As our chuckle in response to the black Baptist pastor’s admonition attests to its truth, so we knowingly recognize ourselves in Jesus’ story about the Pharisee and the Publican (Luke 18:9-14).  In our social interactions, as well as our prayer, we find ourselves easily thanking God we “are not like other men.”

Thomas Merton masterfully cuts through such charade! Clearly asceticism and prayer — rightly understood and rightly applied — are means toward spiritual maturation and personal growth.  But, here is what we don’t want to accept, the roadblock we must eventually traverse… Merton suggests these practices — unfortunately and almost inevitably — will get subsumed into a quest for our own aggrandizement.  Our self-centeredness does not give-up easily or without quite a fight!

There is plenty in our pop culture and the self-help section of bookstores to feed our unbridled ego-ism and deceive us into thinking our happiness is found in “personal fulfillment”.  Merton admonishes his fellow monks as well as the rest of us who feel a tug toward spiritual “solitude” or “would be perfect.” He warns us how easily it is to fool ourselves: “We burn with self-admiration and think, ‘It is the fire of the love of God’.”
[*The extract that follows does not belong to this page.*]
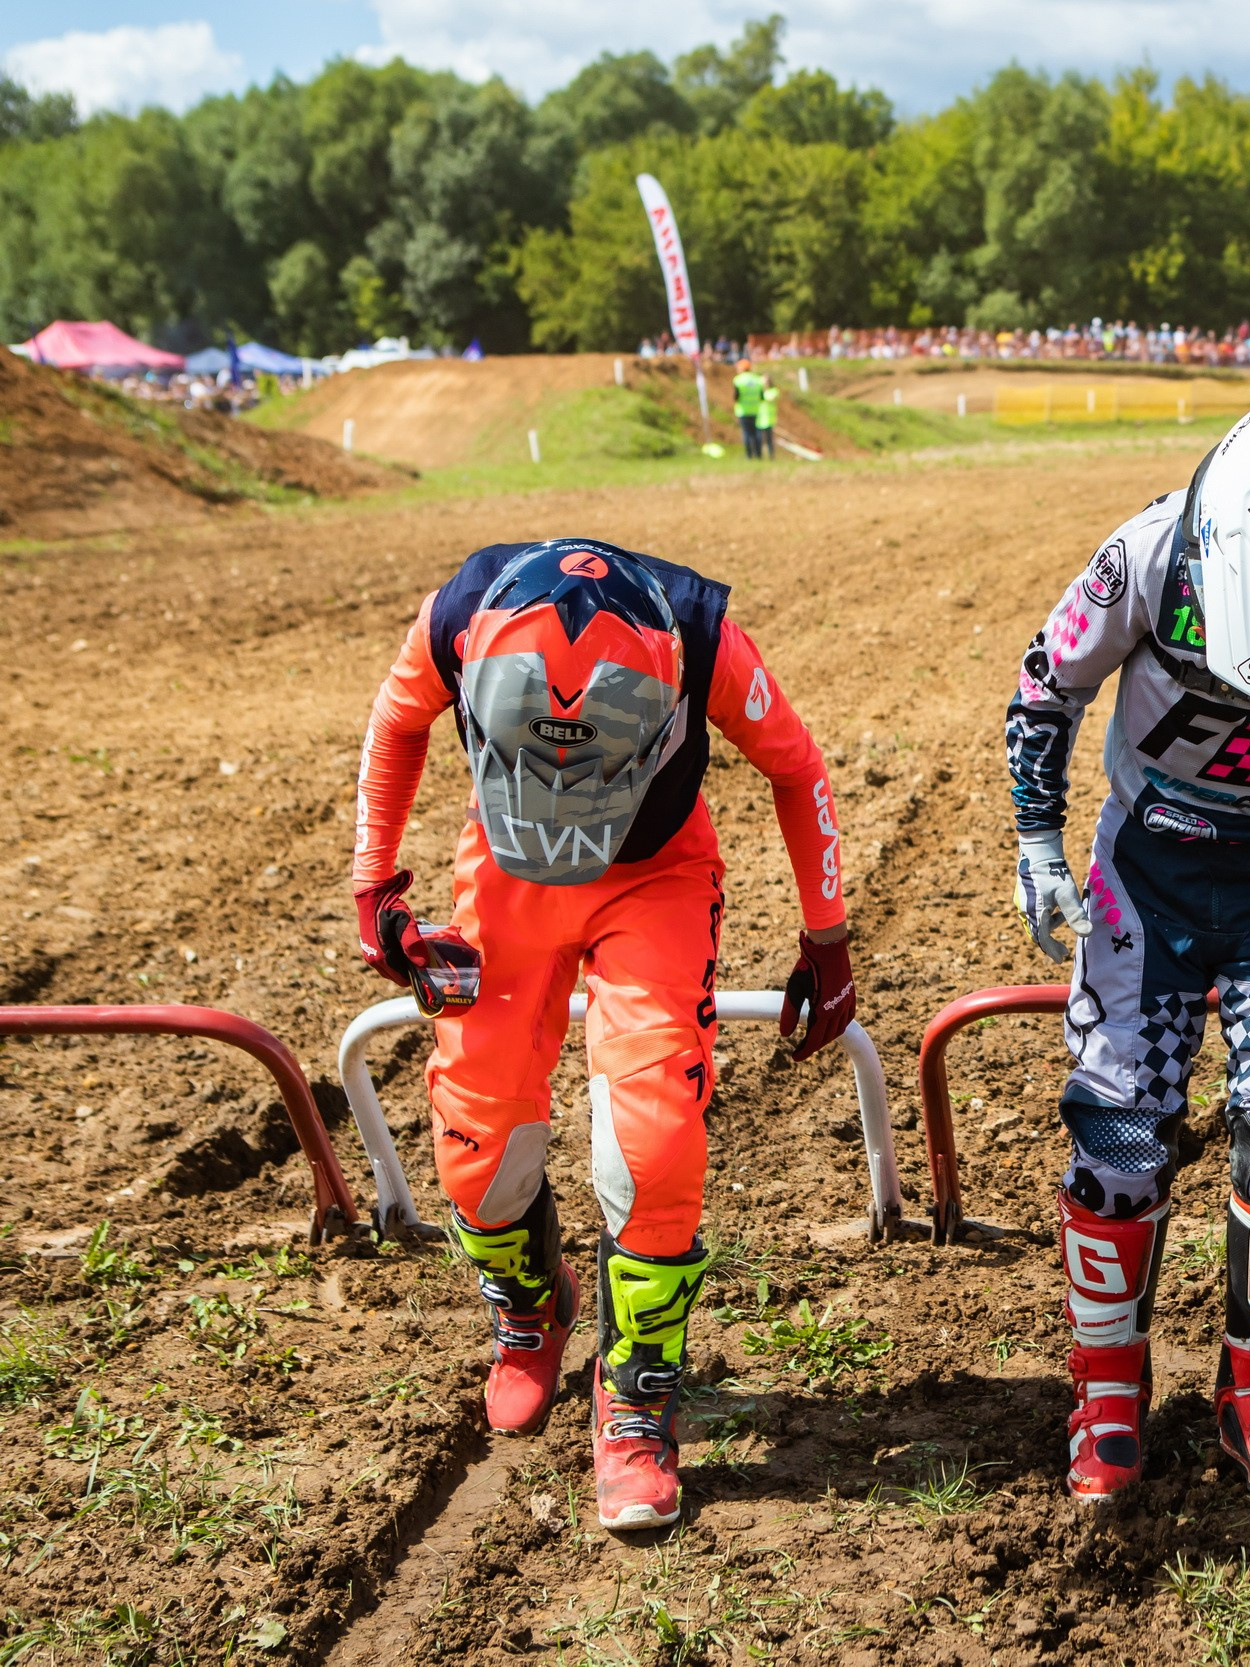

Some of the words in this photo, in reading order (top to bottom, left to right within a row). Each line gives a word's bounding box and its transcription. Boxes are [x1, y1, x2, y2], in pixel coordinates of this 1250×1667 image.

A fool-proof litmus test for whether my spiritually is fatally “inverted” in pursuit of my own “perfection” is to ask whether I am actually in search of the consolations of God or seeking the God of consolation.  Are others better off because of my “heavenly minded” machinations?

Thankfully, there is a surefire solution.  Failure!  What saves us is finally, even if begrudgingly, the self-acceptance that we are not our own savior, we are ultimately powerless, we cannot make ourselves perfect or even “worthy.”

What saves us, finally, is love… nothing other than the merciful love of God!  How hard it is for us to accept this!  Fellow Trappist Bernardo Bonowitz writes: “This piercing intuition leads Merton to say, in a beautiful re-phrasing of 1 John 4:10, ‘The root of Christian love is not the will to love, but the faith that one is loved.  That one is loved by God.  The faith that one is loved by God, although unworthy, or rather, irrespective of one’s worth’.”

With that grace, even quickening in our awareness, we can embark on loving others as ourselves — loving in a way that is of some earthly good.

________________

This reflection is largely inspired by and based upon Reaping Where Merton has Sown: A Retreat for the Merton Centenary by Bernardo Bonowitz, OCSO published in Cistercian Studies Quarterly 50.1 (2015), p. 56.